LES BIOTECHNOLOGIES SAURONT-ELLES NOURRIR L’HUMANITÉ DU XXIÈME SIÈCLE?

Par Marie O’Neill

«1,5 millions de personnes souffrent de la faim dans le monde, à l’aube du XXIème siècle»[1]. Ces chiffres alarmants ne semblent vouloir souffler qu’un seul mot : agir et ce le plus rapidement et efficacement possible. C’est pourquoi, vers la fin du XIXème siècle, les biotechnologies ont fait leur apparition. La biotechnologie selon la définition de l’OCDE, est l’application des principes scientifiques et de l’ingénierie à la transformation de matériaux par des agents biologiques pour produire des biens et des services[2]. Elle est le résultat de l’inquiétude générale vis-à-vis des capacités de la planète à nourrir ses habitants. Les biotechnologies dans le domaine de la sécurité alimentaire sont souvent décrites comme «le miracle menant automatiquement à la voie du développement économique»[3]. Cependant ce petit bijoux de la science contemporaine est loin de faire l’unanimité et suscite aujourd’hui une grande polémique. Dans quelle mesure les biotechnologies peuvent-elles sauver l’humanité de demain? Quelles sont leurs avantages? Quelles sont leurs limites? Quelles sont les mesures mises en place dans le but de les encadrer et de circonscrire les dégâts déjà visibles aujourd’hui?
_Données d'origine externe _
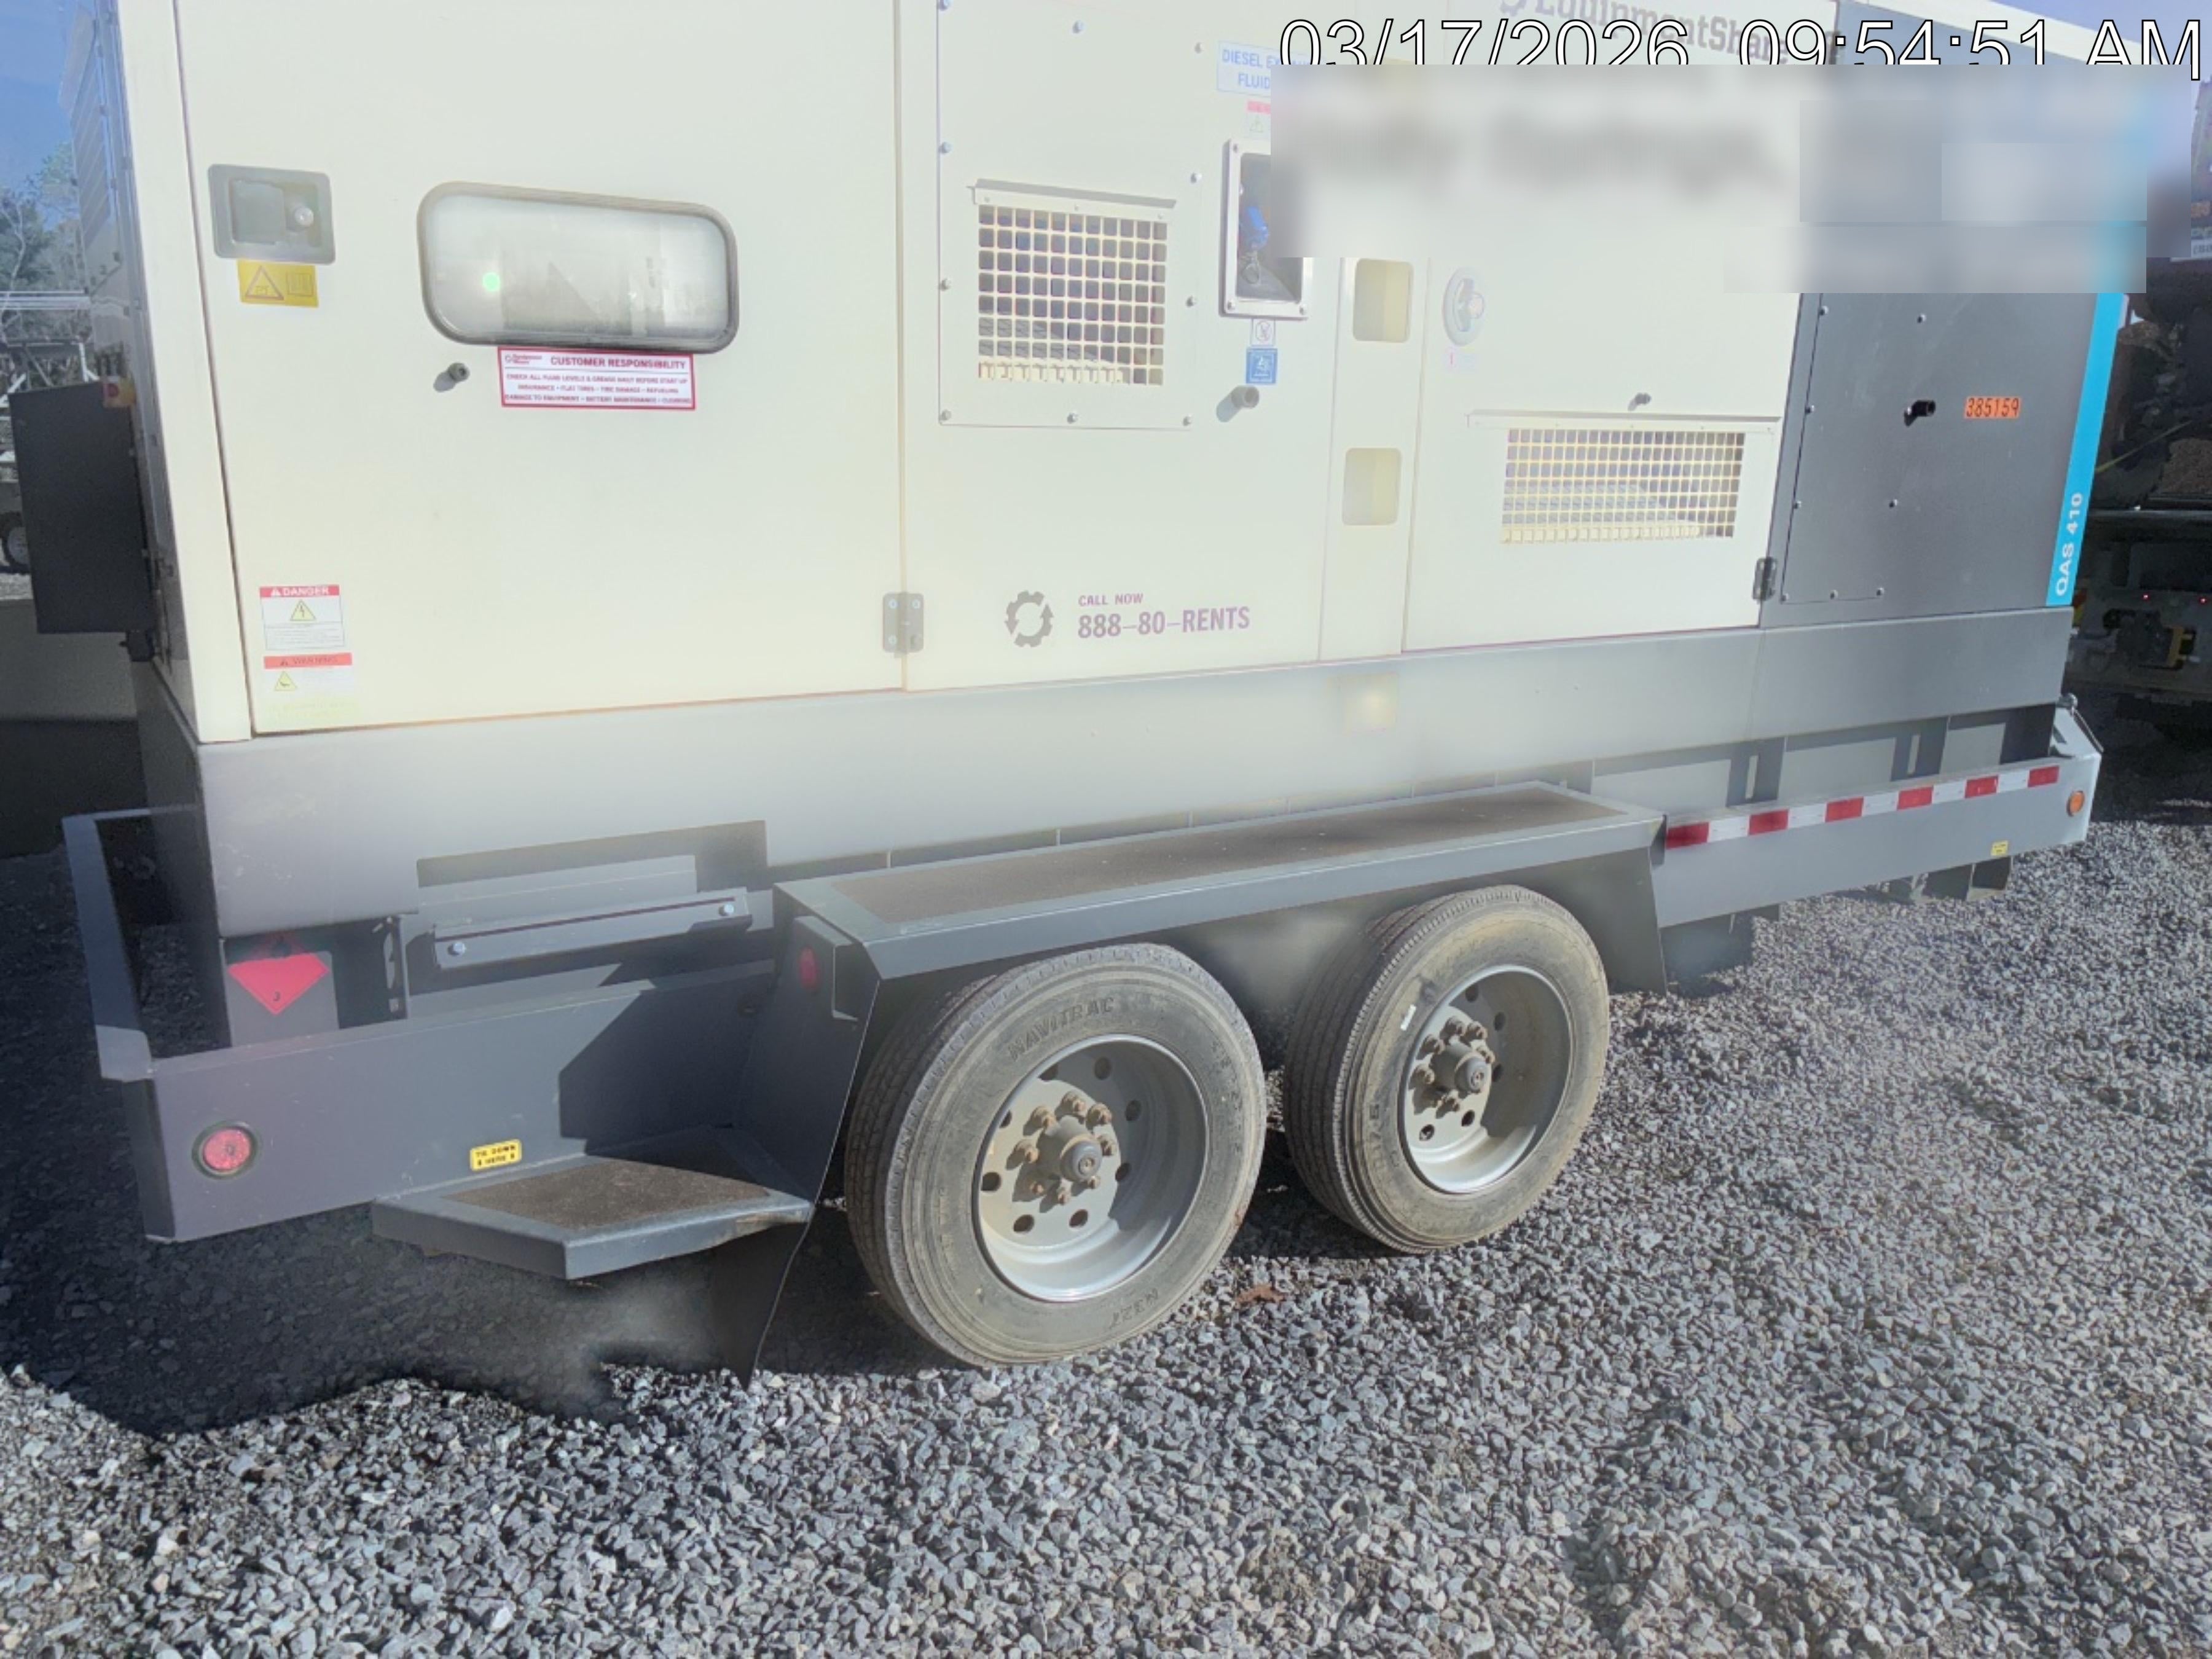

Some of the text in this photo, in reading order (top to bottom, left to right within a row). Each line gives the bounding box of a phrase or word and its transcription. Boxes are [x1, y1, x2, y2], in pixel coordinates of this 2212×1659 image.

La théorie constructiviste d’Arturo Escobar sur la déconstruction du développement rappelant, par exemple, les enjeux que soulève la surpopulation vis-à-vis de la sécurité alimentaire explique parfaitement l’apparition des biotechnologies. En effet, le constructivisme explique comment la hausse de la productivité via le développement des techniques agricoles ainsi que la coopération au niveau international sont des éléments essentiels à la résolution des problèmes de la faim dans le monde. De fait, les biotechnologies suscitent des questions et des réflexions ainsi que des prises de position à propos de l’évolution de la productivité des systèmes de production, sur les formes d’organisation de l’économie mondiale agricole ainsi que de la place des nouvelles technologies dans le concept de développement[4]. Car si la révolution verte et l’amélioration génétique des plantes cultivées engendre de nombreuses critiques en raison notamment de la fragilité des écosystèmes, on ne peut nier les effets positifs en terme d’hausse globale de la production agricole. Par exemple, en Inde : En 1965, on produisait douze millions de tonnes de blé sur quatorze millions d’hectares. En 1990, on en produit cinquante-cinq millions sur vingt-trois millions d’hectares. Pour avoir une idée de l’impact de la technologie sur la production agricole il faut savoir qu’avec les rendements qu’on obtenait en Inde en 1965, il aurait fallu cultiver plus de quarante millions d’hectares[5]. On observe donc que les biotechnologies apportent des améliorations concrètes dans le domaine agricole en plus de tous les autres domaines qui entrent dans les politiques de développement (santé, productions industrielles et énergies).  «Il faut reconnaitre le caractère indispensable de ces techniques pour nourrir l’humanité du XXIème siècle»[6].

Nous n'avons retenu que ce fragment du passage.